### WHAT TO WORK ON
Quote the entries in full, character for character, without their images.

[Spatial localization data]
= = = = = = =
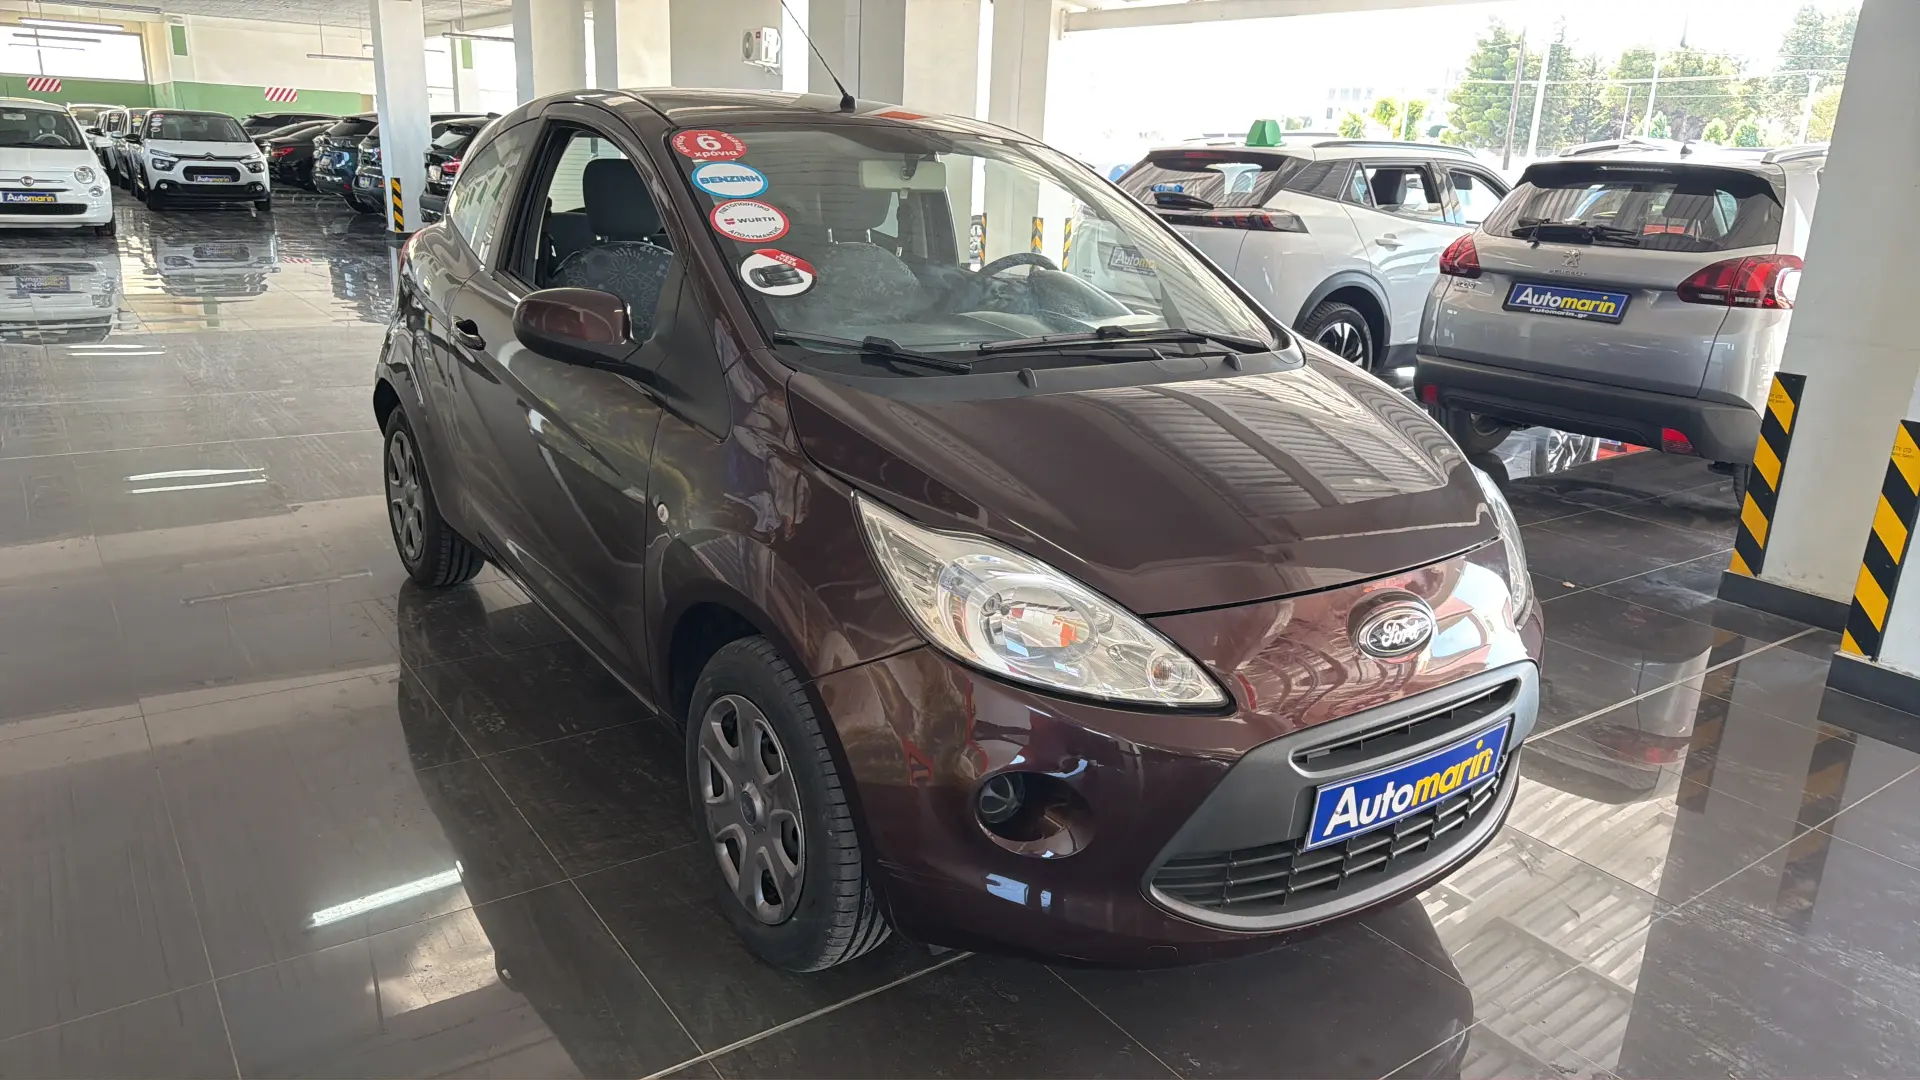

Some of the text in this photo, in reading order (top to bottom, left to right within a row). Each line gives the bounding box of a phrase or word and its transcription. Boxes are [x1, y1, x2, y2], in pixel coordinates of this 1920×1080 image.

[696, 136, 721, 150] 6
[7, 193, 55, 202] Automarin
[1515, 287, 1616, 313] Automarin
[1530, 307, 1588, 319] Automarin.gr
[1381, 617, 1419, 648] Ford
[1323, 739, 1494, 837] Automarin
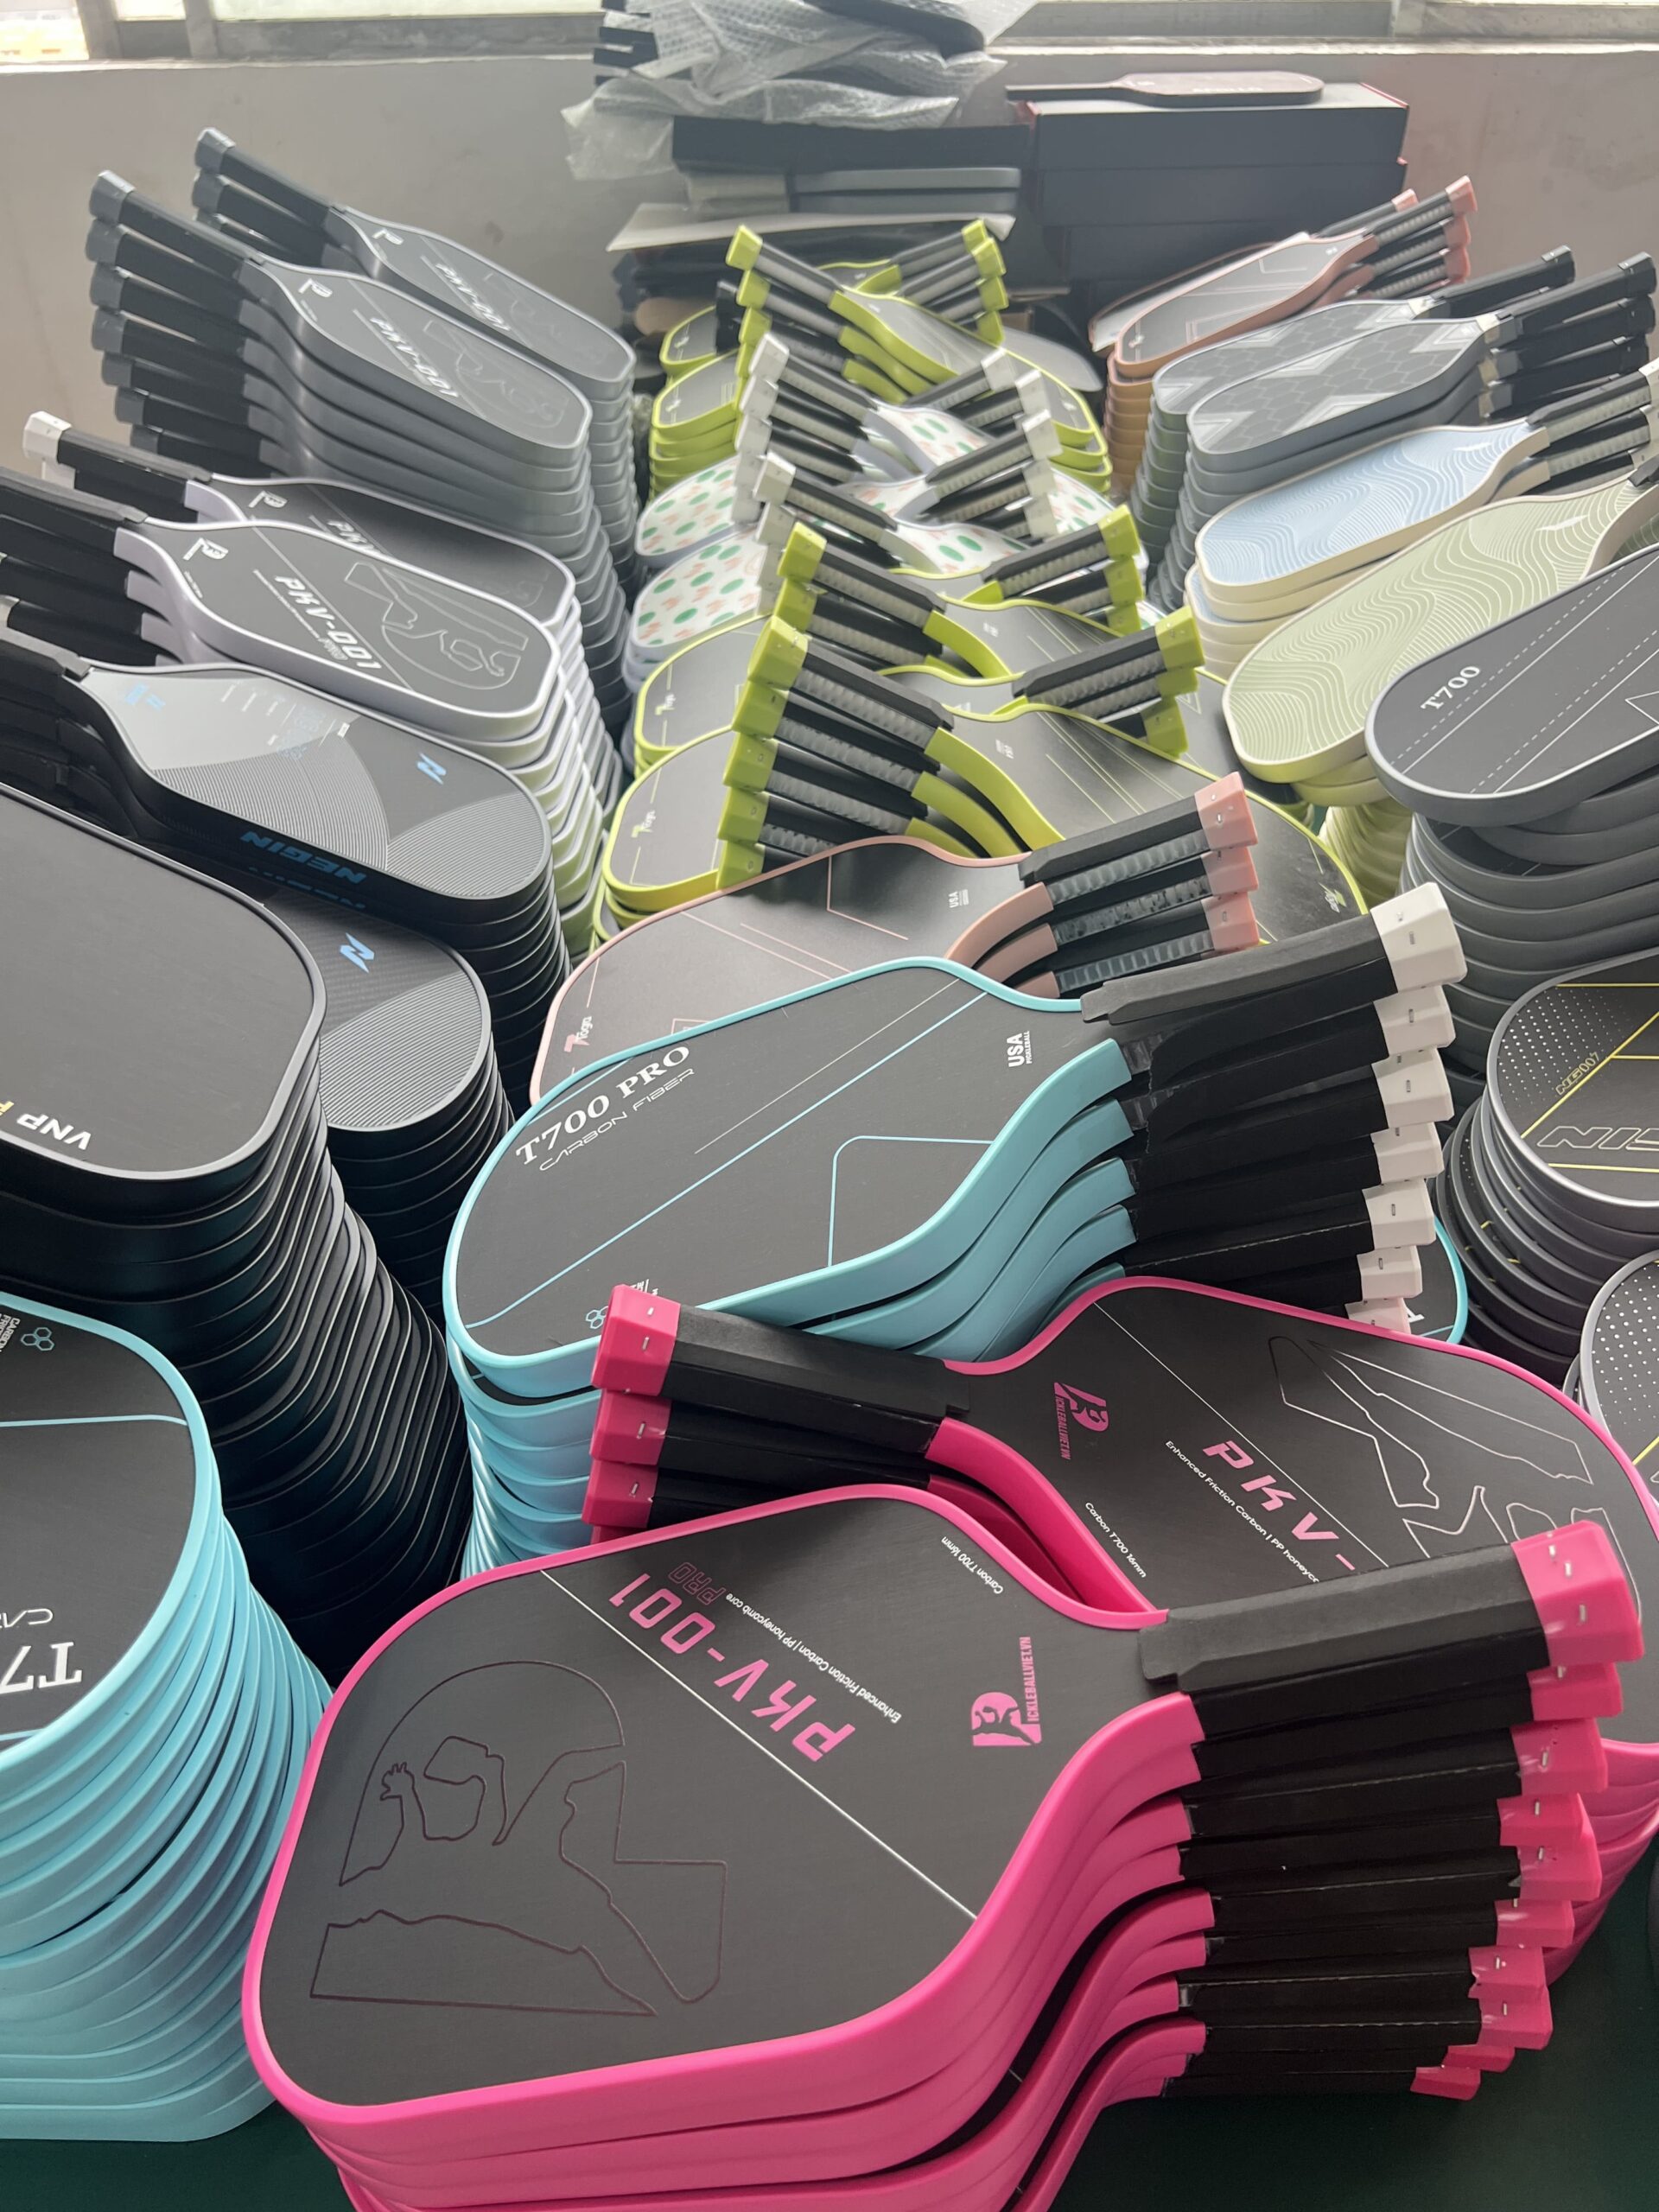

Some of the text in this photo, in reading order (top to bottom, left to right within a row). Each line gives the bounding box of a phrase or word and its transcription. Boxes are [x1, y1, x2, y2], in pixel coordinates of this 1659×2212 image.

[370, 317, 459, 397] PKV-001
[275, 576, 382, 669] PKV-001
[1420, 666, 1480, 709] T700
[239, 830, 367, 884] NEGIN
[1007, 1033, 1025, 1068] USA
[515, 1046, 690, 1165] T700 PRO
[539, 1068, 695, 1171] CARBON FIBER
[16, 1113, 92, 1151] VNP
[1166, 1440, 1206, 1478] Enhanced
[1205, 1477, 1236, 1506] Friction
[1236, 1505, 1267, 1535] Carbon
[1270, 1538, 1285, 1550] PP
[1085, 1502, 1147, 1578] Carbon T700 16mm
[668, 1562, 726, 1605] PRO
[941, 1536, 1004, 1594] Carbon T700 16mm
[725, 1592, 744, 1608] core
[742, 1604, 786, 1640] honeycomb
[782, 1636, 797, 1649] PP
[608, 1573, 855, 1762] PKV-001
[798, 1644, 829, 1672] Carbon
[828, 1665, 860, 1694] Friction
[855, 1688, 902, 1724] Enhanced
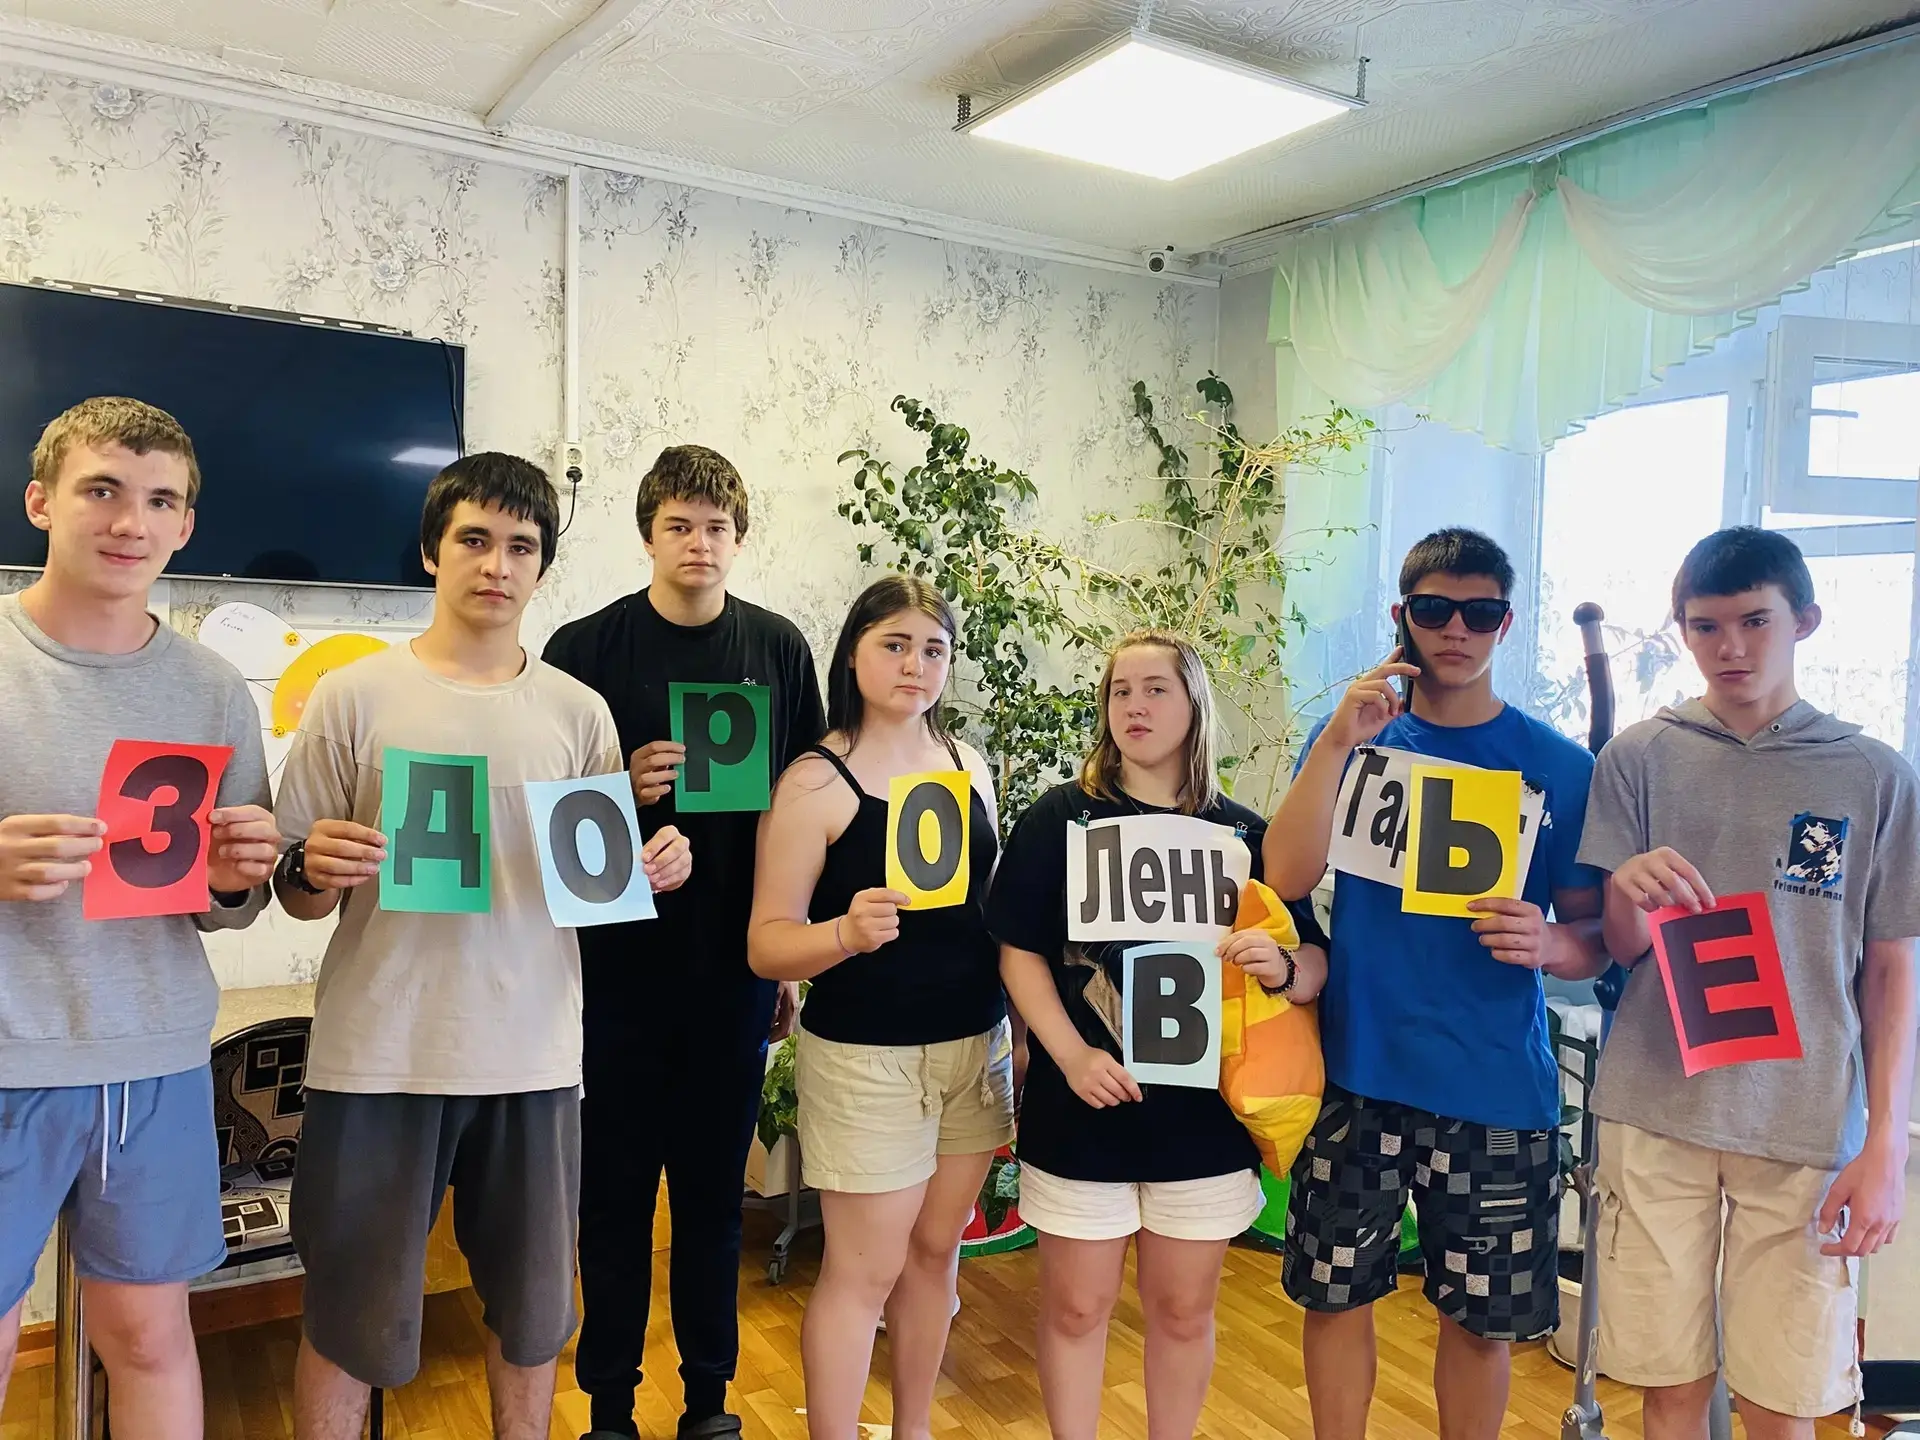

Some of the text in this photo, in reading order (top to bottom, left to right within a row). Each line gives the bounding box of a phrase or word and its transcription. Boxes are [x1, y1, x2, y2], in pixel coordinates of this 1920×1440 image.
= = = = = = =
### WRITTEN ANSWER
Some of the text in this photo, in reading order (top to bottom, left to right within a row). Each line gives the bounding box of a phrase or word and its transcription. Boxes are [x1, y1, x2, y2], in pixel coordinates of this 1920×1080 image.

[696, 136, 721, 150] 6
[7, 193, 55, 202] Automarin
[1515, 287, 1616, 313] Automarin
[1530, 307, 1588, 319] Automarin.gr
[1381, 617, 1419, 648] Ford
[1323, 739, 1494, 837] Automarin

Some of the text in this photo, in reading order (top to bottom, left to right within a row). Each line gives the bounding box of a phrase or word and its transcription. Boxes are [x1, y1, x2, y2], in pixel coordinates of this 1659×2212 image.

[370, 317, 459, 397] PKV-001
[275, 576, 382, 669] PKV-001
[1420, 666, 1480, 709] T700
[239, 830, 367, 884] NEGIN
[1007, 1033, 1025, 1068] USA
[515, 1046, 690, 1165] T700 PRO
[539, 1068, 695, 1171] CARBON FIBER
[16, 1113, 92, 1151] VNP
[1166, 1440, 1206, 1478] Enhanced
[1205, 1477, 1236, 1506] Friction
[1236, 1505, 1267, 1535] Carbon
[1270, 1538, 1285, 1550] PP
[1085, 1502, 1147, 1578] Carbon T700 16mm
[668, 1562, 726, 1605] PRO
[941, 1536, 1004, 1594] Carbon T700 16mm
[725, 1592, 744, 1608] core
[742, 1604, 786, 1640] honeycomb
[782, 1636, 797, 1649] PP
[608, 1573, 855, 1762] PKV-001
[798, 1644, 829, 1672] Carbon
[828, 1665, 860, 1694] Friction
[855, 1688, 902, 1724] Enhanced

Some of the text in this photo, in reading order (top to bottom, left to right within a row). Each line gives the bounding box of a phrase or word and its transcription. Boxes are [x1, y1, x2, y2], in pixel coordinates of this 1920×1440 image.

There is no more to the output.